When this all began a couple of months ago, a superintendent told me that he and his staff were spending their days preparing and distributing meals to students and their families in the high-school parking lot. “It is just what needs to be done. Our students and families count on us,” he told me. It was sobering and inspiring to speak to a friend on the frontlines, leading a district and a community through turmoil and crisis. That is what COVID-19 has done to American education: totally upended our “normal.”

In the wake of the disruption brought on by COVID-19, schools and teachers are responding heroically in agile and local ways to move student instruction and development online and into the home.

As we near the final days of school, most (if not all) educational institutions have moved quickly to put band-aid solutions in place: tens of thousands of devices distributed to many (but not all) students, school buses with Wi-Fi dispatched to neighborhoods where the digital divide is deepest, and teachers stitching together a patchwork of student engagement and learning data while holding classes on Zoom, all while missing their students dearly and checking in on mental health and wellness. It’s a tall order.

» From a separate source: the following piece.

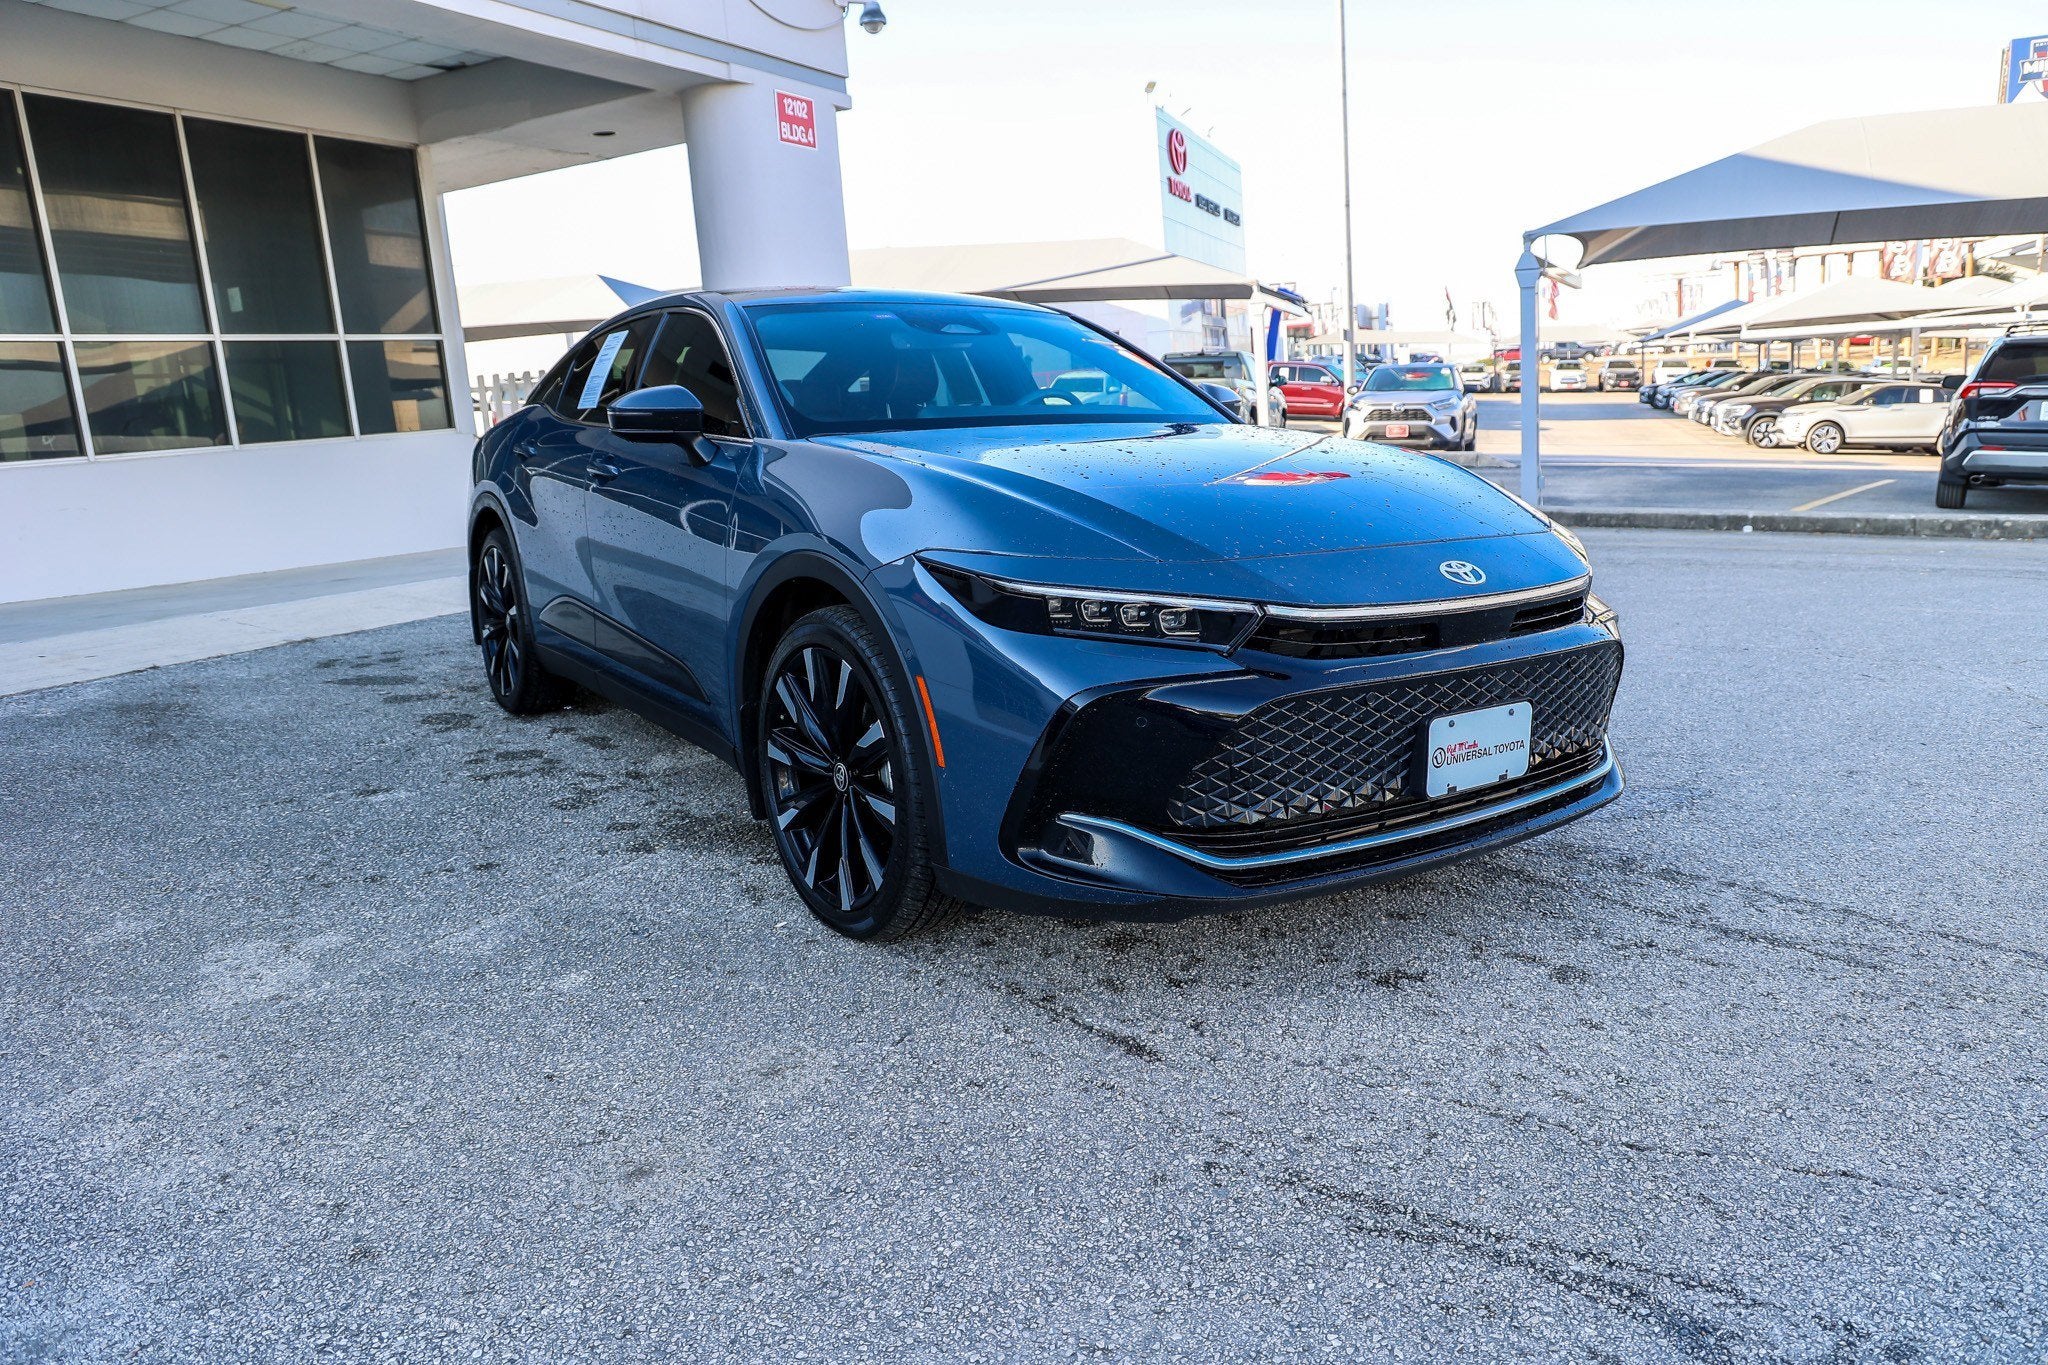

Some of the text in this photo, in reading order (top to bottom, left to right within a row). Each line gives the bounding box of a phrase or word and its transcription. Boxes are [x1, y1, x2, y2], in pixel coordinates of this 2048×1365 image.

[783, 97, 808, 119] 12102
[807, 128, 814, 144] 4
[1446, 740, 1525, 765] UNIVERSAL TOYOTA

The theme seems to be that while there is a lot of activity to support and understand the student’s home learning environment, that activity is not well-coordinated and is falling heavily on teachers.

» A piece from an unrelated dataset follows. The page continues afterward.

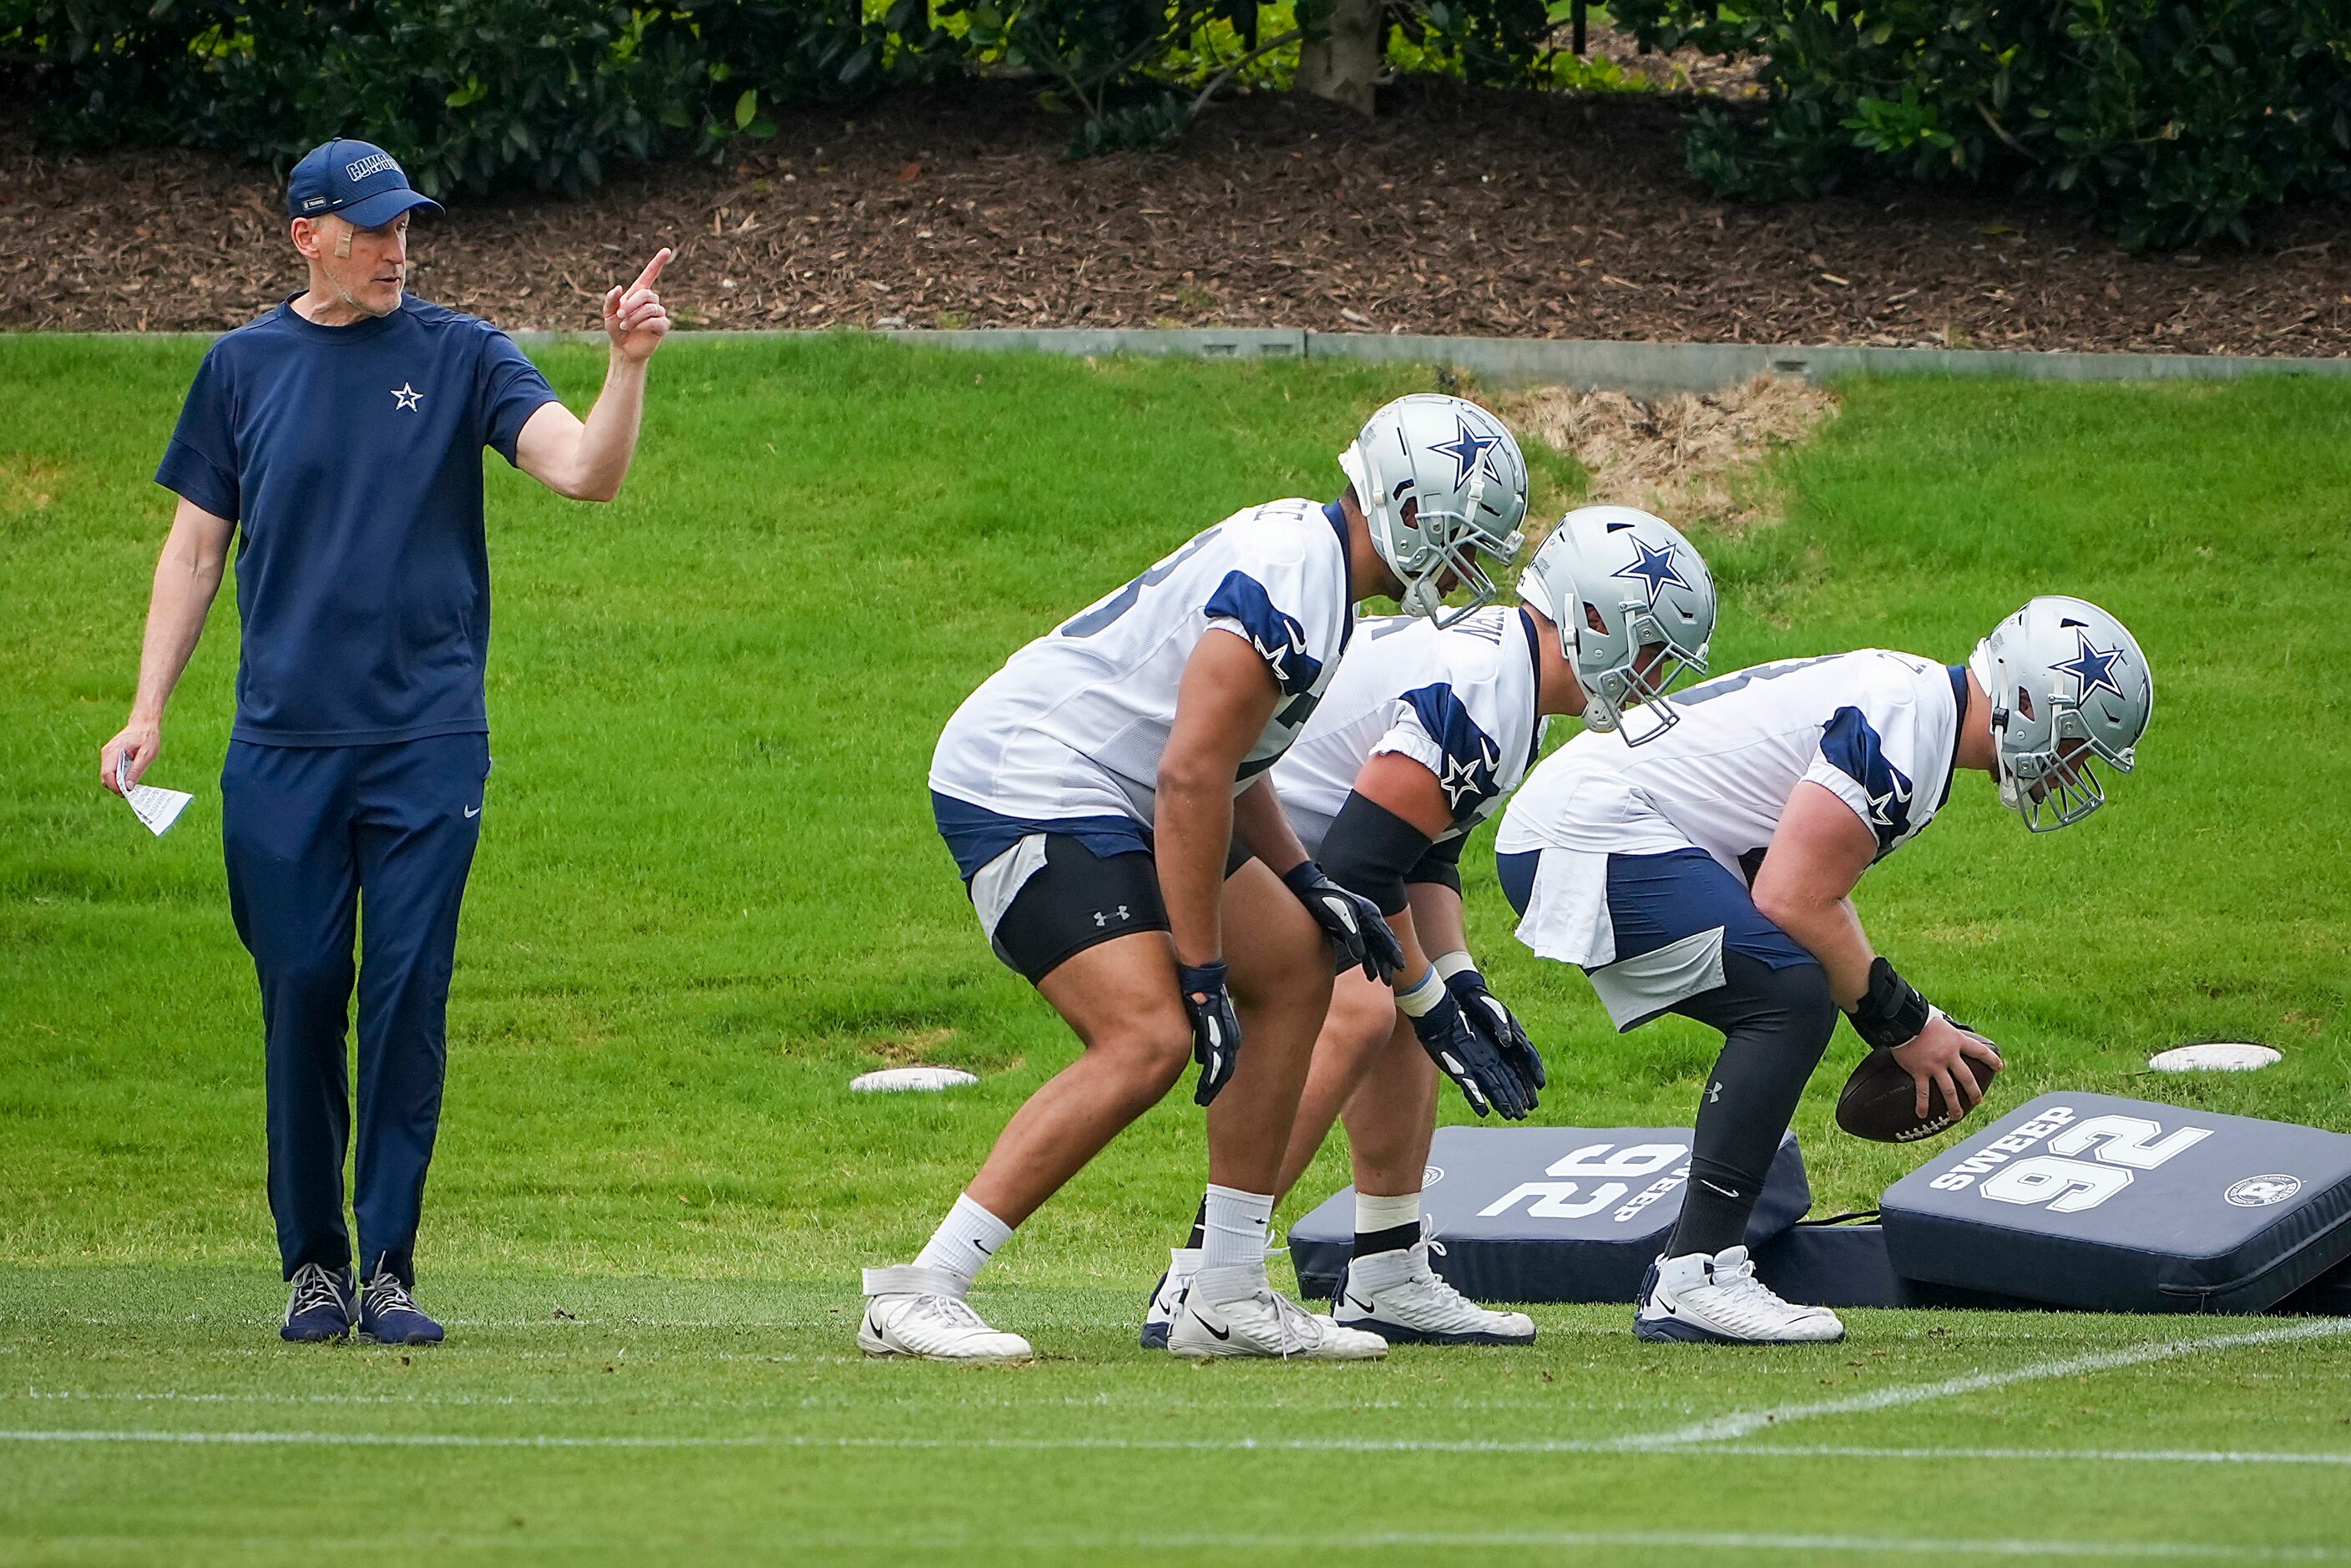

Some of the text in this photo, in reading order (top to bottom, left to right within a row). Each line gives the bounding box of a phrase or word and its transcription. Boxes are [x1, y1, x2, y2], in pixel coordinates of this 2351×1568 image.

[1475, 1143, 1689, 1218] 92
[1929, 1106, 2077, 1191] SWEEP
[1979, 1115, 2215, 1213] 92

When I checked in with several superintendents over the past month, they told me that teachers are struggling to answer some basic, but “squishy,” questions, such as:

  • How can I best contact my student’s family? Who do I reach out to, when, in what way?
  • What school district resources has the student and family received? Devices? Packets? Other? Can they keep these over the summer?
  • The district sent out a survey about how students and families are coping. Can I see what this family said?
  • I’m struggling to reach this student. Are my colleagues experiencing the same situation or are they getting through?
  • Are students logging into the learning resources I am asking them to? How do I know if they are engaged?
Unfortunately, there is no silver bullet. Or is there?

Despite what a salesperson might tell you, there is no single, utopian platform waiting for you this fall. Rather, students and teachers will continue to rely on a diverse set of learning tools and technology to gauge, guide, and support new students’ progress in their classrooms.

Fortunately, school and district leaders acutely understand this problem and are working to address it. I heard from another superintendent who shared this with me—“Now, like never before, we will be forced to acknowledge that not every student starts the year in the same place of understanding,” which means we will need to bring together data points from many places quickly to support teachers and students.

Savvy educational and IT leaders will spend this summer accepting, adapting, and investing—not in another “fix-all” dashboard, but in lifting the burden on already overstressed teachers. Savvy educational and IT leaders will place interoperability at the forefront of their demands of vendors and colleagues alike. Investing time and money making the tools teachers use today work more seamlessly is the most superhero thing we can do to support them!

For the second half of 2020, let us make sure teachers are handing out assignments that meet every child where they are in their learning despite the negative effects of the last few months. We need to send kids to “school,” whatever that may look like next fall, with more than a sack lunch from the high school parking lot. We need to equip teachers with individual data backpacks on every student and update them in real-time with data from every tool they use, all year long.

Simply put, the world of education after COVID can be brilliant if we let data interoperability fuel it!